Ours is not a neat and tidy world in which we are assured that we can get everything under our control.

This takes considerable getting used to –there is mystery everywhere. The Bible does not give us a predictable cause-effect world in which we can plan our careers and secure our futures.

It is not a dream world in which everything words out according to our adolescent expectations—there is pain and poverty and abuse at which we cry out in indignation, “You can’t let this happen!”

For most of us it takes years and years and years to exchange our dream world for this real world of grace and mercy, sacrifice and love, freedom and joy—the God-saved world.

Love

Yet another surprise is that the Bible does not flatter us.

It is not trying to sell us anything that promises to make life easier. It doesn’t offer secrets to what we often think of as prosperity or pleasure or high adventure.

The reality that comes into focus as we read the Bible has to do with what God is doing in a saving love that includes us and everything we do.

This is quite different from what our sin-stunted and culture-cluttered minds imagined.
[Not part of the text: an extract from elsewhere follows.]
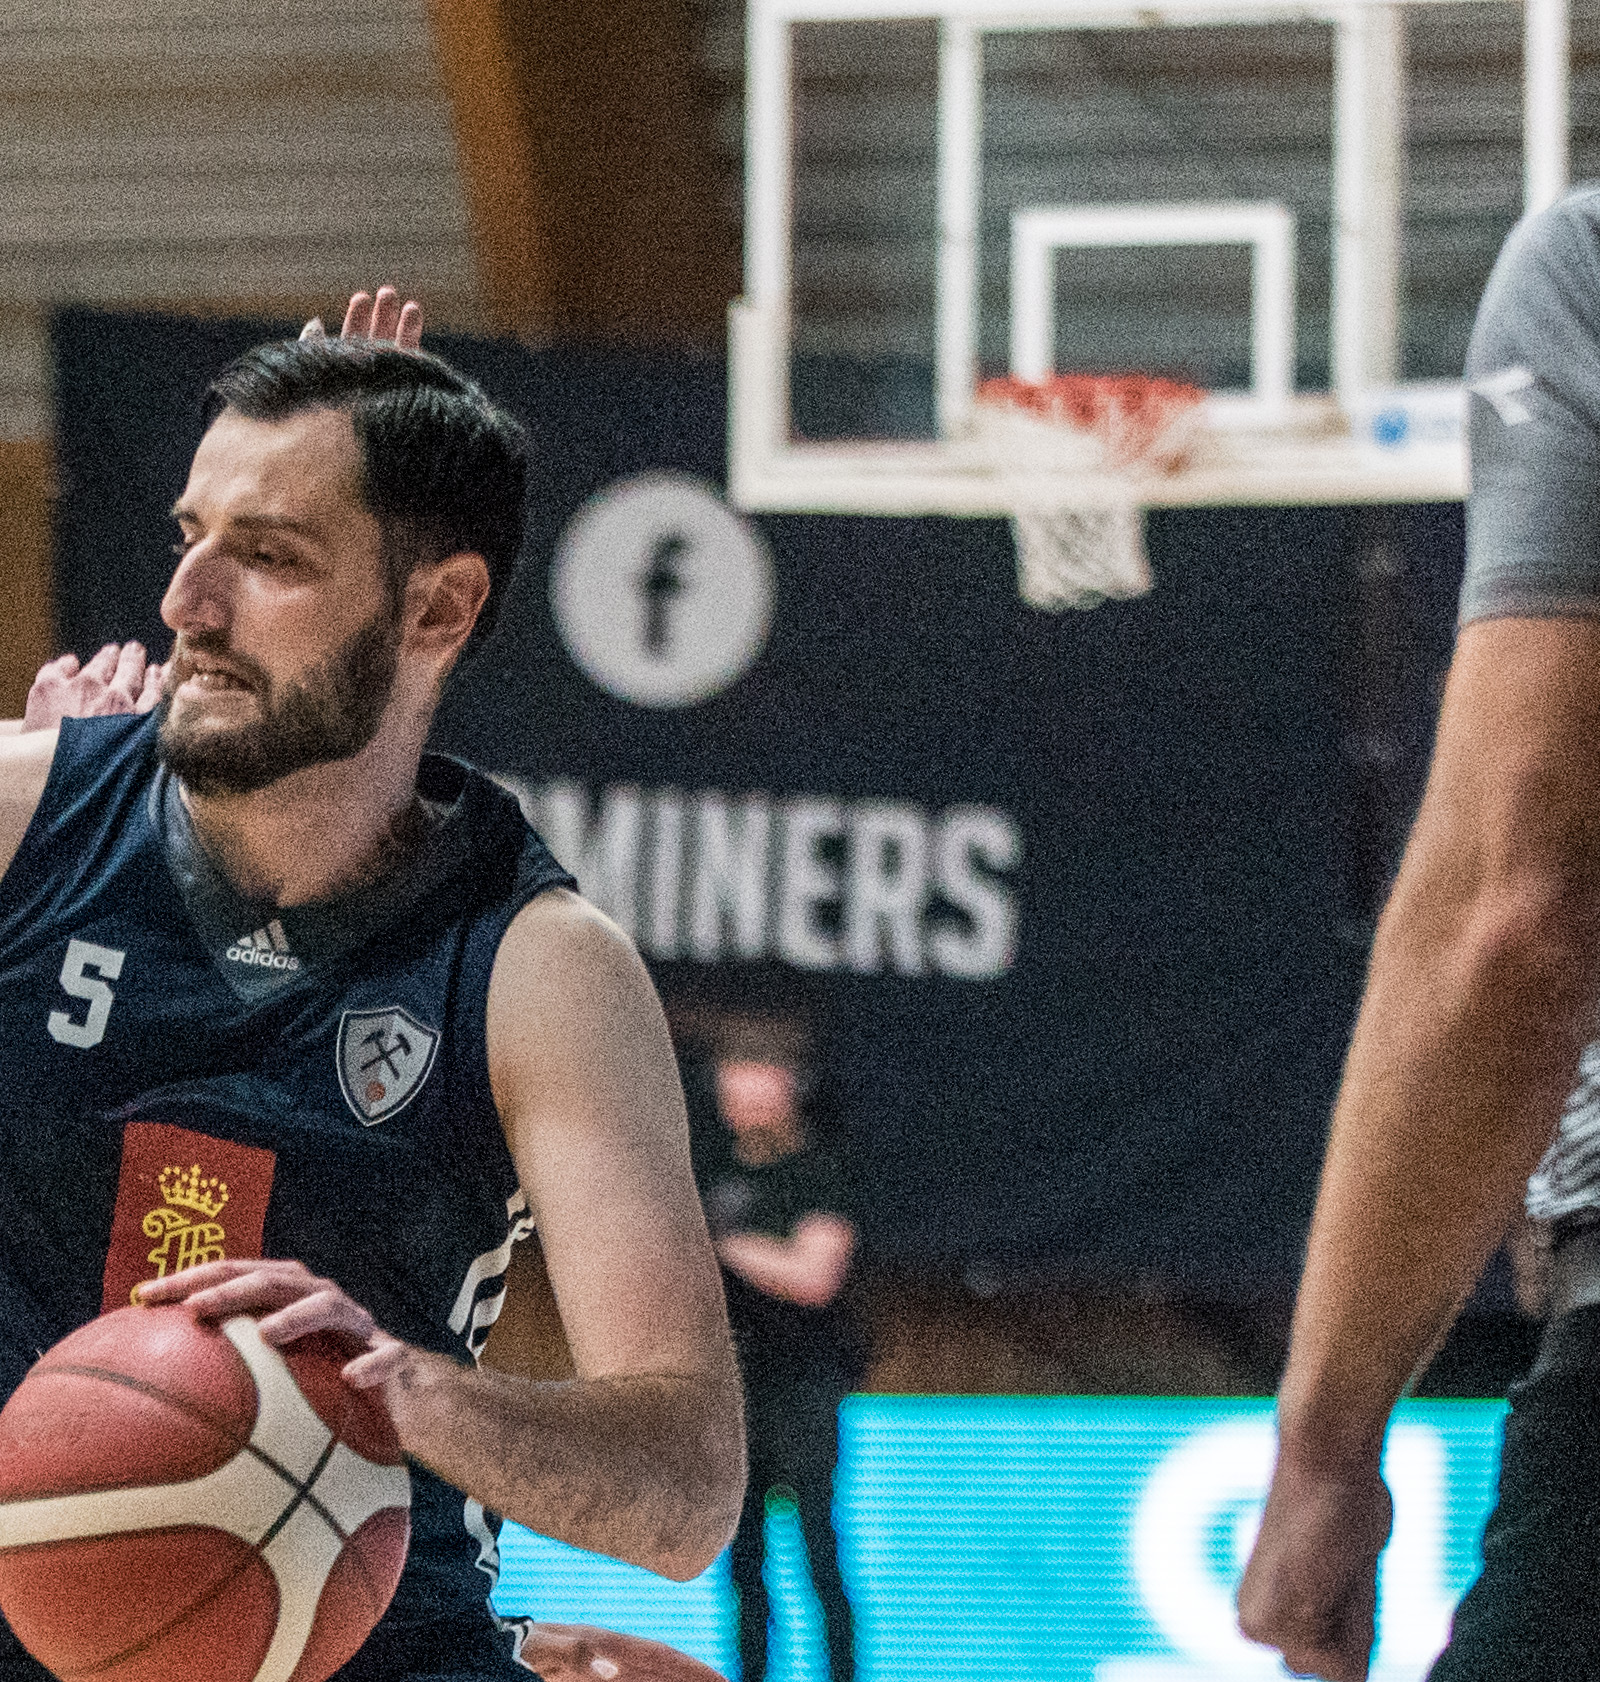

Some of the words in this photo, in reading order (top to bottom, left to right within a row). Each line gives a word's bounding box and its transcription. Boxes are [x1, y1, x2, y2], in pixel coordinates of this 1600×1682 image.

But our Bible reading does not give us access to a mail-order catalog of idols from which we can pick and choose to satisfy our fantasies.

Creation

The Bible begins with God speaking creation and us into being.

It continues with God entering into personalized and complex relationships with us, helping and blessing us, teaching and training us, correcting and disciplining us, loving and saving us.

This is not an escape from reality but a plunge into more reality—a sacrificial but altogether better life all the way.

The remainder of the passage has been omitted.